Já em Fortaleza, capital do Ceará, Uma composição experimental do Guia GAM: favorecendo vidas pulsantes, de Ricardo Pimentel Méllo, Juliana Vieira Sampaio, Natalia Sousa Barros, Tárcila Silva de Lima e Carolina Castro e Veras, oportuniza-nos pensar as práticas de liberdade no cuidado de si e a GAM para além das drogas, por meio da primeira etapa de uma pesquisa participativa, que concerne à capacitação de profissionais da saúde. O artigo instiga, assim, o compartilhamento de experiências como potencializador de um cuidado múltiplo e singular, de saberes localizados, cultivado na amizade, em poéticas e criatividade que se desenham na ética e estética das vidas.

Finalizamos este dossiê em território catalão, na Espanha, com o texto de Mercedes Miguel Serrano e Angel Hernáez Martínez. Em Apuntes para una nueva cultura de cuidados en salud mental os autores nos apresentam a narrativas de sofrimento e adversidades vividas por pessoas que passaram pela experiência de adoecimento e cuidado em saúde mental, que reafirmam a GAM como experiência útil no caminho da transformação das lógicas disfuncionais nas práticas de atenção psicossocial e da supressão das coerções que impedem a democratização da saúde, em direção ao trabalho coletivo em contextos seguros de diálogo e inclusão.

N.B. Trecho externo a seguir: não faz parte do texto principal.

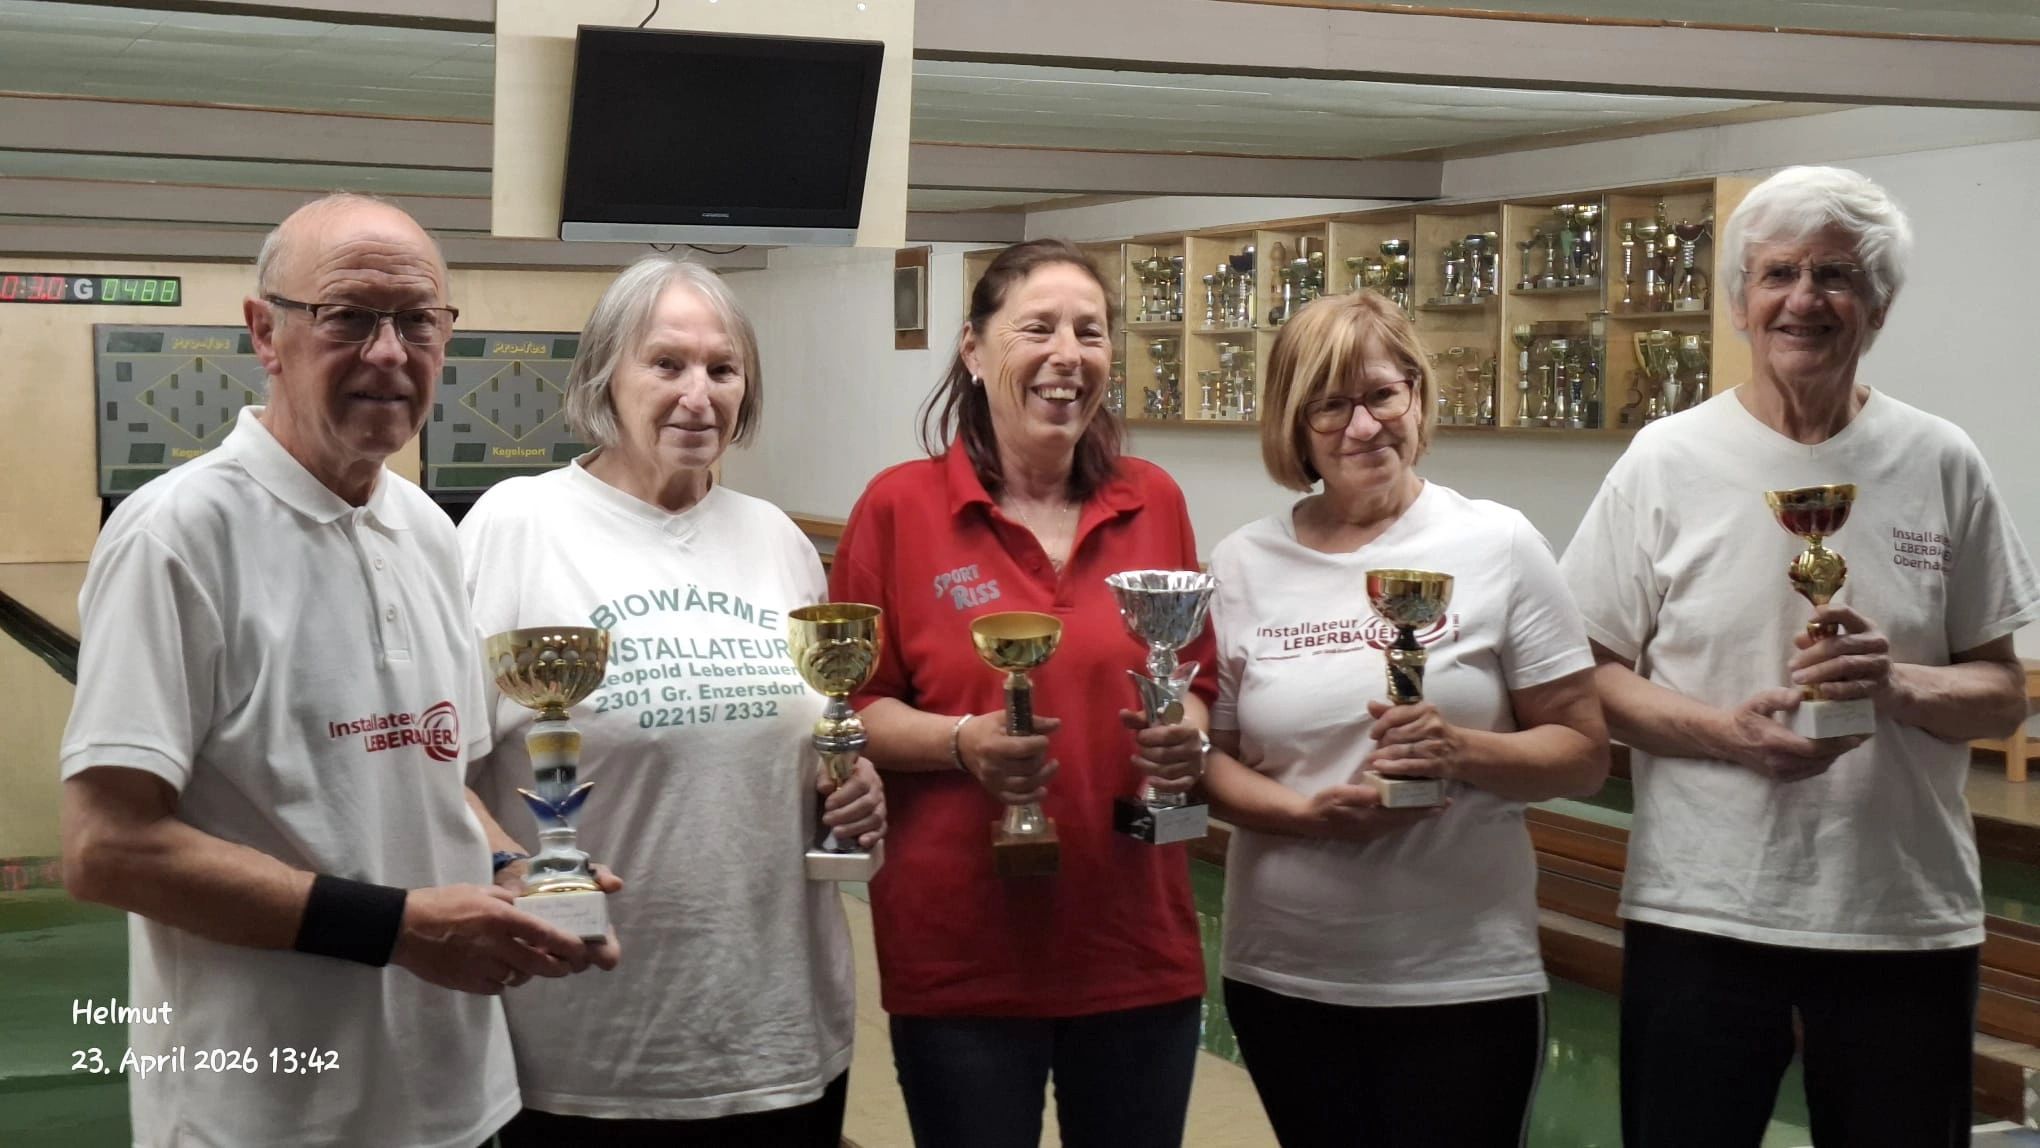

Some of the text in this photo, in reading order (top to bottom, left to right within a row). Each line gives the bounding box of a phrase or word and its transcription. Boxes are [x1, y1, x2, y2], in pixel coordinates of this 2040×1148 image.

O conjunto das experiências descritas apontam a indissociabilidade entre pesquisa, ensino e extensão, em uma perspectiva dialógica que envolve Universidade e Comunidade na produção e troca de conhecimentos, em benefício da formação tanto de novos profissionais e daqueles já inseridos no trabalho quanto dos usuários como sujeitos de direitos. Os dispositivos utilizados na GAM - como apoio institucional, apoio matricial, grupos e rodas de conversa - e sua maneira de operar - participativa e cogestiva - incidem sobre a micropolítica das relações, fortalecendo o sentido de termos como democracia, cidadania e autonomia, cruciais para uma efetiva atenção psicossocial e para a vigência do Sistema Único de Saúde conforme aos seus princípios. Ademais, passados dez anos da GAM no Brasil, percebemos sua capilarização pela rede de atenção psicossocial, alcançando serviços de atenção primária, além daqueles destinados a usuários de álcool e outras drogas e também os que se dedicam a infância e juventude. Esta expansão da estratégia suscitou um uso inventivo e localmente situado do guia GAM-BR, mostrando que, preservados os seus princípios, as possibilidades de trabalho com a estratégia GAM são múltiplas.

Neste doloroso tempo que vivemos, entre pandemia e ameaças à sociedade civil e às instituições democráticas, além do ataque às políticas brasileiras de saúde, assistência social, educação, cultura, entre outras, convidamos os leitores para uma imersão nas produções que seguem, na aposta de que é possível persistir no caminho da construção coletiva em prol de uma atenção em saúde mental democrática, participativa, inclusiva e de proteção à vida.